Algorithm Rates Trustworthiness of Wikipedia Pages

Algorithm Rates Trustworthiness of Wikipedia Pages 175

Posted by CowboyNeal on Friday August 31, 2007 @07:38AM from the getting-it-right dept.

paleshadows writes "Researchers at UCSC developed a tool that measures the trustworthiness of each Wikipedia page. Roughly speaking, the algorithm analyzes the entire 7-year user-editing-history and utilizes the longevity of the content to learn which contributors are the most reliable: If your contribution lasts, you gain 'reputation,' whereas if it's edited out, your reputation falls. The trustworthiness of a newly inserted text is a function of the reputation of all its authors, a heuristic that turned out to be successful in identifying poor content. The interested reader can take a look at this demonstration (random page with white/orange background marking trusted/untrusted text, respectively; note "random page" link at the left for more demo pages), this presentation (pdf), and this paper (pdf)."

Algorithm Rates Trustworthiness of Wikipedia Pages

This discussion has been archived. No new comments can be posted.

Search 175 Comments Log In/Create an Account

Comments Filter:

Seems a bit dangerous (Score:5, Insightful)

by fymidos ( 512362 ) writes: on Friday August 31, 2007 @07:45AM (#20422871) Journal

>If your contribution lasts, you gain 'reputation,' whereas if it's edited out, your reputation fails

And the editor wars start ...

Godwin's Second Law (Score:3, Insightful)
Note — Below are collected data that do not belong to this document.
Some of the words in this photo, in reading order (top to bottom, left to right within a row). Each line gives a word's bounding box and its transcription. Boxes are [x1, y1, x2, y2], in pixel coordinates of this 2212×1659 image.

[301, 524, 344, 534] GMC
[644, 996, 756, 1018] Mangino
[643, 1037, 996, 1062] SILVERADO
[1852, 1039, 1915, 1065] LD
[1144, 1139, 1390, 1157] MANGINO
by Anonymous Coward writes: on Friday August 31, 2007 @07:47AM (#20422887)

Every paper touting automatic adjustments for gaming the system becomes obsolete the moment it is published.

(Godwin didn't publish this, but I might get around to editing his Wikipedia entry to say that he did).
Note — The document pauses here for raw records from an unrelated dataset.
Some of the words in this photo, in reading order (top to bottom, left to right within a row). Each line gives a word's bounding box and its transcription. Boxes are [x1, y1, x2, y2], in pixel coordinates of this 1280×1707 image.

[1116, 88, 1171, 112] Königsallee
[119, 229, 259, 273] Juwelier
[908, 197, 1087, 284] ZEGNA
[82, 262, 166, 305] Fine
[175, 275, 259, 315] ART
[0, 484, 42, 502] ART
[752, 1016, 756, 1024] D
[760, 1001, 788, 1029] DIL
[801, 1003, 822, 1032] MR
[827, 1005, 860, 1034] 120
Re:Seems a bit dangerous (Score:4, Insightful)

by N!k0N ( 883435 ) writes: <dan&djph,net> on Friday August 31, 2007 @07:52AM (#20422921)

Yeah, that is a bit of a "dangerous" way to go about rating the content, however I think it could be a step in the right direction. If this can be improved, perhaps the site will gain a better reputation in the eyes of professors. Now, I don't doubt that there is a lot of misinformation on the site (intentional or otherwise); however, a good deal of the information I have used for research papers or to quickly check something seems to be confirmed elsewhere (texts, journals, etc).

#REDIRECT (Score:5, Insightful)

by Chris Pimlott ( 16212 ) writes: on Friday August 31, 2007 @07:56AM (#20422943)

It appears they include #REDIRECT pages; the very first page the random link took me to was Cheliceriformes [ucsc.edu], with the #REDIRECT line in orange. Seems an easy way to gain trust, once a redirect is created it is hardly ever changed.

I dunno about this system. (Score:5, Insightful)

by Wilson_6500 ( 896824 ) writes: on Friday August 31, 2007 @07:57AM (#20422949)

Does it take into account magnitude of error corrections? If major portions of someone's articles are being rewritten, that's a good reason to de-rep them. If someone makes a bunch of minor spelling or trivial errors, then that's not necessarily a reason to do so.

And, of course, there is the potential for abuse. If the software could intelligently track reversions and somehow ascribe to those events a neutral sort of rep, that would probably help the system out.

As it stands, they're essentially trying to objectively judge "correctness" of facts without knowing the actual facts to check. That's somewhat like polling a college class for answers and assigning grades based on how many other people DON'T say that they disagree with a certain person in any way.

I suspect this heuristic measures.... (Score:5, Insightful)

by Anonymous Coward writes: on Friday August 31, 2007 @07:57AM (#20422957)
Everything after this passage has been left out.